Was Sie wissen und beachten müssen...

SIE HABEN EINEN IMPFTERMIN von uns (oder über "Impf-Finder") erhalten? Bitte drucken Sie aus (nur für Ihren allerersten Impftermin in unserer Praxis nötig): » Download unserer Einwilligungserklärung, die am Impftermin vollständig ausgefüllt - nur 1 Seite! - vorliegen muss. Sie haben aber noch Fragen oder Bedenken? Am Termin ist leider keine Zeit für eine solche Beratung - bemühen Sie sich bitte um rasche Klärung im Vorfeld: Lesen Sie bitte den entsprechenden Informationsbogen zu "BioNTech". Ist dann noch Beratungsbedarf, fragen Sie unverzüglich nach einem vorherigen Arzttermin. Nötigenfalls muss Ihre Impfung sonst verschoben werden, und wir müssen uns für diese Dosis frühestmöglich um eine Ersatzperson kümmern.

Womit?

Wir verabreichen inzwischen (solange er noch ohne Lieferknappheit verfügbar ist) ausschließlich "Comirnaty", den Impfstoff von BioNTech, da er zweifelsohne beeindruckende Daten zur Wirksamkeit vorweisen kann. Wir kennen uns sehr gut damit aus und können auf einen großen Erfahrungsschatz zurückblicken.

4 Impfstoffe werden derzeit in Deutschlands Praxen verimpft: Comirnaty (BioNTech/Pfizer), Spikevax (Moderna), Vaxzevria (AstraZeneca) und Janssen (Johnson & Johnson, EINMALIMPFUNG).

ALLE haben ÄHNLICHE geringe NEBENWIRKUNGS- bzw. KOMPLIKATIONSRATEN. Bei ALLEN wurden im Nachgang der Impfung auch wenige Todesfälle beobachtet. Unabhängige Informationen darüber, welche nicht durch Medien einseitig gefärbt berichtet wurden, sind vom Paul-Ehrlich-Institut in Form von "Sicherheitsberichten" zu erhalten (beispielhaft der vom 27.12.2020 bis 31.08.2021).

Wie?

Sie brauchen einen Termin, unsere spezielle 1-seitige Einwilligungserklärung (Download), Ihren Impfausweis (falls vorhanden) und Ihre Versichertenkarte.

Wie kommen Sie an einen Impftermin?
...über die üblichen Kontaktwege einschließlich persönlichem Vorsprechen an unserem Anmeldefenster - zusätzlich kann per SMS (mit Name und Geburtsdatum) an unsere Impf-Hotline 01522 4060 555 um Rückruf gebeten werden. Natürlich geht es auch durch ANRUF in der Praxis (02163 8464). Termine für Zweitimpfungen vergeben wir direkt beim 1. Impftermin.

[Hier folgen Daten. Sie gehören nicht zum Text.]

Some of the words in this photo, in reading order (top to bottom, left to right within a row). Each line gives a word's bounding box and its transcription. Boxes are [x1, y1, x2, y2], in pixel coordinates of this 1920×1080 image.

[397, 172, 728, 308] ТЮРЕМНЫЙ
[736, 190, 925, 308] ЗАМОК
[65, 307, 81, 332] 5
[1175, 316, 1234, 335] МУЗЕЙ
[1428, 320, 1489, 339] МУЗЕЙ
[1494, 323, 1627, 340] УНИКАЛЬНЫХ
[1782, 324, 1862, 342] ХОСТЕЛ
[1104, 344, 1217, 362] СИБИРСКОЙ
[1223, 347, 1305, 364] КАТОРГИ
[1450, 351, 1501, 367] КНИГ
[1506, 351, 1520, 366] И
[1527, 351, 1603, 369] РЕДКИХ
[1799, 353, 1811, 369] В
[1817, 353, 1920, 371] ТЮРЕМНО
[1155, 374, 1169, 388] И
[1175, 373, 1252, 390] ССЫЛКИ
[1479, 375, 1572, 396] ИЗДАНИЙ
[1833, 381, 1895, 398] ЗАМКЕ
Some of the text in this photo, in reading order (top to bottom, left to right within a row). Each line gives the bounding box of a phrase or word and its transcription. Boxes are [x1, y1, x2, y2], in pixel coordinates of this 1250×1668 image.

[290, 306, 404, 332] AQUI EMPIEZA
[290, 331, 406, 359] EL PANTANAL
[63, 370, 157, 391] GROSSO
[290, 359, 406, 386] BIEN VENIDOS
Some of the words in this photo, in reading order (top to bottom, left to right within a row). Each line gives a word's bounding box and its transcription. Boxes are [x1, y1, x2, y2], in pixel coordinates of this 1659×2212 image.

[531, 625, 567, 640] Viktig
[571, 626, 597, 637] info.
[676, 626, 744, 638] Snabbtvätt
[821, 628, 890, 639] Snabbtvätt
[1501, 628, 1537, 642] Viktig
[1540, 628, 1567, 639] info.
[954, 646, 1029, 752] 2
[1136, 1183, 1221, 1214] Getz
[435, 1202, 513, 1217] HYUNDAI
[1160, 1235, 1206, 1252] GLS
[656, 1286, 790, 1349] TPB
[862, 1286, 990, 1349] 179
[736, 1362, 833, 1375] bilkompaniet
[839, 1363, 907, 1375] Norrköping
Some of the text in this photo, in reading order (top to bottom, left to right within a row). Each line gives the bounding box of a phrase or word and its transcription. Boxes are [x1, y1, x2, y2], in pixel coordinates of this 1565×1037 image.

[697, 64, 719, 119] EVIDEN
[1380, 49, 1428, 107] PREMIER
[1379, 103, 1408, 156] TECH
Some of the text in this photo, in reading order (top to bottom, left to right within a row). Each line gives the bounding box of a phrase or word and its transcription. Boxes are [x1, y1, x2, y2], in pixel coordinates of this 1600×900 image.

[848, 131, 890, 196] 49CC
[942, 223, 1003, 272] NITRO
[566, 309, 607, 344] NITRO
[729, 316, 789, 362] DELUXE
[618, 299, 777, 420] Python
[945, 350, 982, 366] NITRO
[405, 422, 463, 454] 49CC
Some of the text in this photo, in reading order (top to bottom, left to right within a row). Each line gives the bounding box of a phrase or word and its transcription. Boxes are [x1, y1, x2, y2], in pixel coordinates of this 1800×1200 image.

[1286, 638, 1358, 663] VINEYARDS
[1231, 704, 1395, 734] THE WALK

Wenn Sie einen Impftermin von uns erhalten haben (gilt auch für Termine über "Impf-Finder"), laden Sie bitte unser Einwilligungsformular herunter, drucken es und füllen es aus (es ist natürlich auch in der Praxis abholbar). Es enthält einen Link zum offiziellen Aufklärungsbogen, den Sie bitte durchlesen. Das Einwilligungsformular muss zur Impfung fertig vorliegen. Sie können es auch kurz vor der Impfung in der Praxis ankreuzen und unterschreiben. Beachten Sie bitte zur Planung eine mögliche Wartezeit auf die Impfung (Akut-/Notfälle gehen in einer Hausarztpraxis im Zweifel vor) sowie eine 15-minütige Beobachtungsphase nach der Impfung.
Besteht vor der Impfung noch Beratungsbedarf, so bemühen Sie sich bitte VORHER um Klärung bei uns (Termin / ggfs. Telefonat) oder in seriösen Medien (Robert-Koch-Institut, Paul-Ehrlich-Institut, überregionale Zeitungen, Sendungen der öffentlich-rechtlichen Programmetagesschau etc.)

Terminplanung

Ungeimpfte: 2 Impftermine im Abstand von 3 bis 6 Wochen bei BioNTech-Impfstoff

Geimpfte (Auffrischung):
a) Johnson & Johnson: ab 4 Wochen nach der Impfung mit "Janssen" (dem Impfstoff von Johnson & Johnson) [von der STIKO empfohlen wegen erhöhter Neigung zu Impfdurchbrüchen). Es erfolgt 1 BioNTech-Impfung.

b) BioNTech, Astra, Moderna, "Kreuzimpfung":
Es müssen mindestens taggenau 6 Monate nach der abgeschlossenen Corona-Impfserie vergangen sein. Es erfolgt 1 BioNTech-Impfung.

Testung auf das neuartige SARS-Coronavirus

(siehe auch http://schnelltest-niederkruechten.de/)
Wichtige Begriffe für die Antigen-Schnelltests:

SENSITIVITÄT: der Anteil korrekt erkannter Positiver von 100% Positiven ("richtig-positiv")
SPEZIFITÄT: der Anteil der korrekt erkannten Negativen von 100% Negativen ("richtig-negativ")

POSITIVER PRÄDIKTIVER WERT: die Wahrscheinlichkeit bei positivem Testergebnis, infiziert zu sein
NEGATIVER PRÄDIKTIVER WERT: die Wahrscheinlichkeit bei negativem Testergebnis, nicht infiziert zu sein

Die prädiktiven Werte sind abhängig von der Inzidenz (Prävalenz). 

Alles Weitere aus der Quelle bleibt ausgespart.